🔹 Part A – Solutions to Basic-Level Exercises

Exercise 1 – Sum of Natural Numbers

Statement: for all \(n\ge1\) it holds that \(1+2+3+\dots+n = \frac{n(n+1)}{2}\).

Base step:
We check for \(n=1\):

\(1 = \frac{1\cdot2}{2} = 1\) ✔

Inductive hypothesis:
Assume that for \(n=k\) it holds that: \(1+2+3+\dots+k = \frac{k(k+1)}{2}\).

Inductive step:
We prove that for \(n=k+1\):

\(1+2+\dots+k+(k+1)\)

By the inductive hypothesis: \(1+2+\dots+k+(k+1) = \frac{k(k+1)}{2} + (k+1)\)

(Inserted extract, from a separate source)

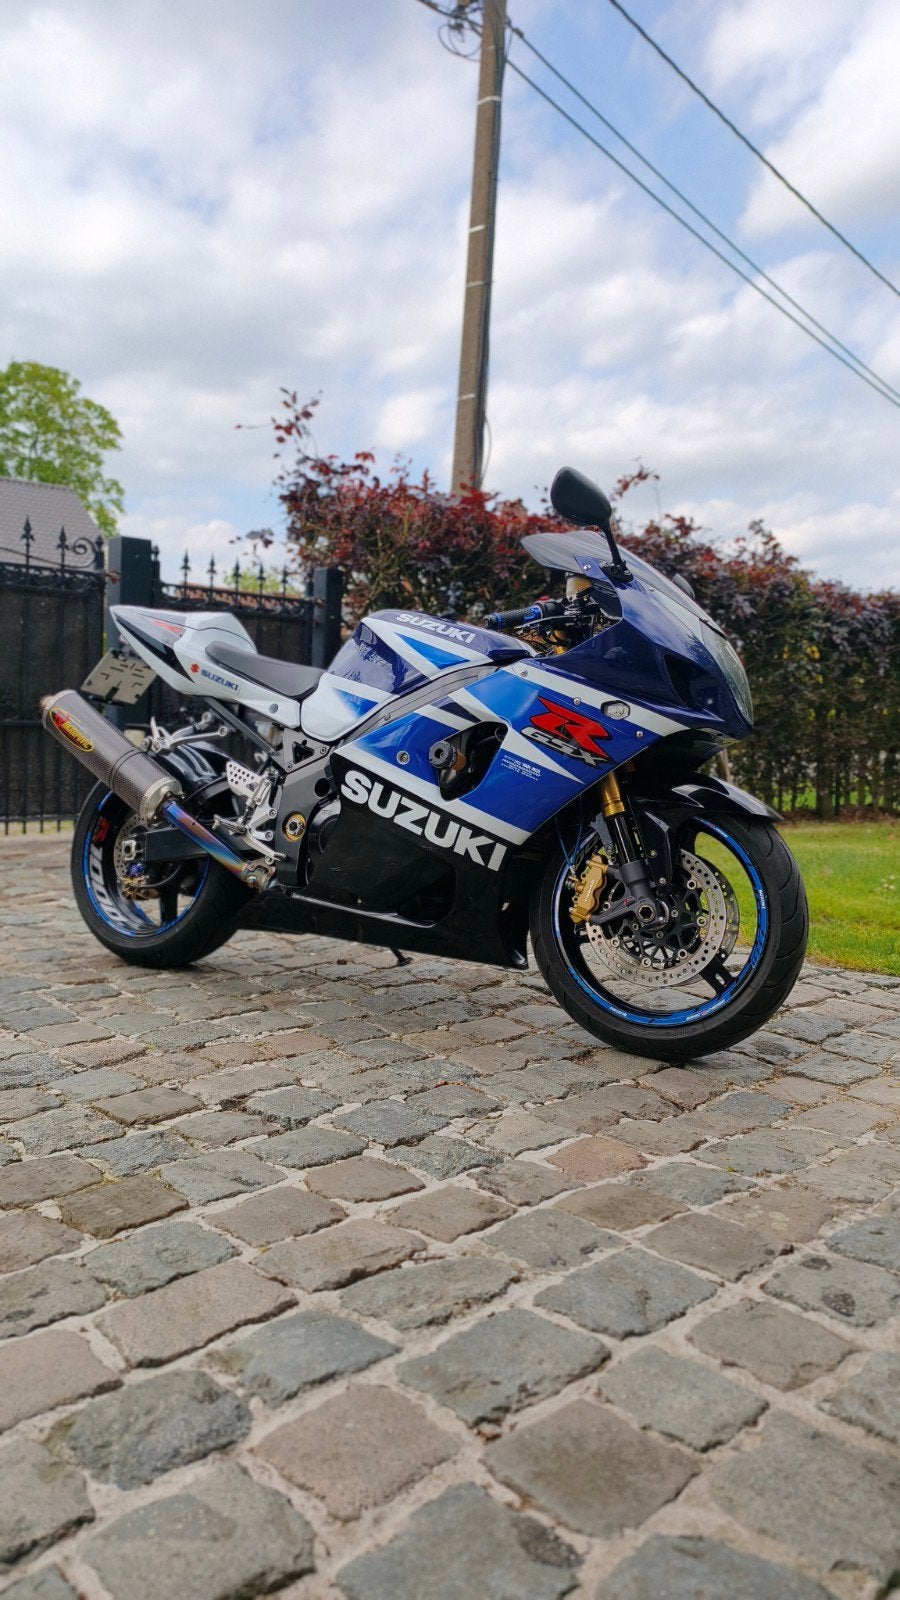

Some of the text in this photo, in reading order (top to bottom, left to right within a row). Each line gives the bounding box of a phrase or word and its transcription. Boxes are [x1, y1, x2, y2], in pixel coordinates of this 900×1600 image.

Factor out \(k+1\): \(\frac{k(k+1)}{2} + (k+1) = (k+1)\left(\frac{k}{2} + 1\right)\)

\((k+1)\left(\frac{k}{2} + 1\right) = (k+1)\left(\frac{k+2}{2}\right) = \frac{(k+1)(k+2)}{2}\)

which is exactly: \(\frac{(k+1)((k+1)+1)}{2}\). ✔

---

Exercise 2 – Sum of Even Numbers

Statement: for all \(n\ge1\) it holds that \(2+4+6+\dots+2n = n(n+1)\).

Base:
For \(n=1\): \(2 = 1\cdot2\). ✔

Inductive hypothesis:
\(2+4+\dots+2k = k(k+1)\).

Step:

We compute: \(2+4+\dots+2k+2(k+1)\)

By the hypothesis: \(2+4+\dots+2k+2(k+1) = k(k+1) + 2(k+1)\)

Factor out \(k+1\): \(k(k+1)+2(k+1) = (k+1)(k+2)\)

which is exactly \((k+1)((k+1)+1)\). ✔

---

Exercise 3 – Sum of Squares

Statement: \(1^2 + 2^2 + \dots + n^2 = \frac{n(n+1)(2n+1)}{6}\).

Base:
For \(n=1\): \(1^2 = 1 = \frac{1\cdot2\cdot3}{6}\). ✔

Inductive hypothesis:
\(1^2+2^2+\dots+k^2 = \frac{k(k+1)(2k+1)}{6}\).

Step:

We compute: \(1^2+2^2+\dots+k^2+(k+1)^2\)

By the hypothesis: \(1^2+2^2+\dots+k^2+(k+1)^2 = \frac{k(k+1)(2k+1)}{6} + (k+1)^2\)

Factor out \(k+1\): \((k+1)\left(\frac{k(2k+1)}{6} + (k+1)\right)\)

Convert to a common denominator: \((k+1)\left(\frac{k(2k+1) + 6(k+1)}{6}\right)\)

\(k(2k+1)+6(k+1)=2k^2+k+6k+6=2k^2+7k+6=(k+2)(2k+3)\)

Therefore: \((k+1)\cdot\frac{(k+2)(2k+3)}{6} = \frac{(k+1)(k+2)(2k+3)}{6}\)

which is exactly: \(\frac{(k+1)((k+1)+1)(2(k+1)+1)}{6}\). ✔

---

Exercise 4 – Inequality: \(2^n \ge n+1\)

Statement: for all \(n\ge1\) it holds that \(2^n \ge n+1\).

Base:
\(n=1\): \(2^1 = 2 \ge 2 = 1+1\). ✔

Inductive hypothesis:
\(2^k \ge k+1\).

Step:

\(2^{k+1} = 2\cdot2^k \ge 2(k+1) = 2k+2\)

Compare with\(k+2\): \(2k+2 \ge k+2 \iff k \ge 0\) – which holds for all \(k\ge1\). ✔

---

Exercise 5 – Inequality: \(3^n > n^2\)

Statement: \(3^n > n^2\) for all \(n\ge1\).

Base:
\(n=1\): \(3^1=3>1=1^2\). \(n=2\): \(9>4\). ✔

Inductive hypothesis:
Assume that\(3^k>k^2\) For \(k\ge2\).

Step:

\(3^{k+1} = 3\cdot3^k > 3k^2\)

We want to show: \(3k^2 > (k+1)^2\).

\(3k^2 - (k+1)^2 = 3k^2 - (k^2+2k+1) = 2k^2 - 2k - 1\)

For \(k\ge2\) the expression is positive (direct check: for \(k=2\) we get \(8-4-1=3>0\), and it only increases). Therefore \(3^{k+1}>(k+1)^2\). ✔

---

Exercise 6 – Inequality with Factorial: \(n!\ge2^{n-1}\)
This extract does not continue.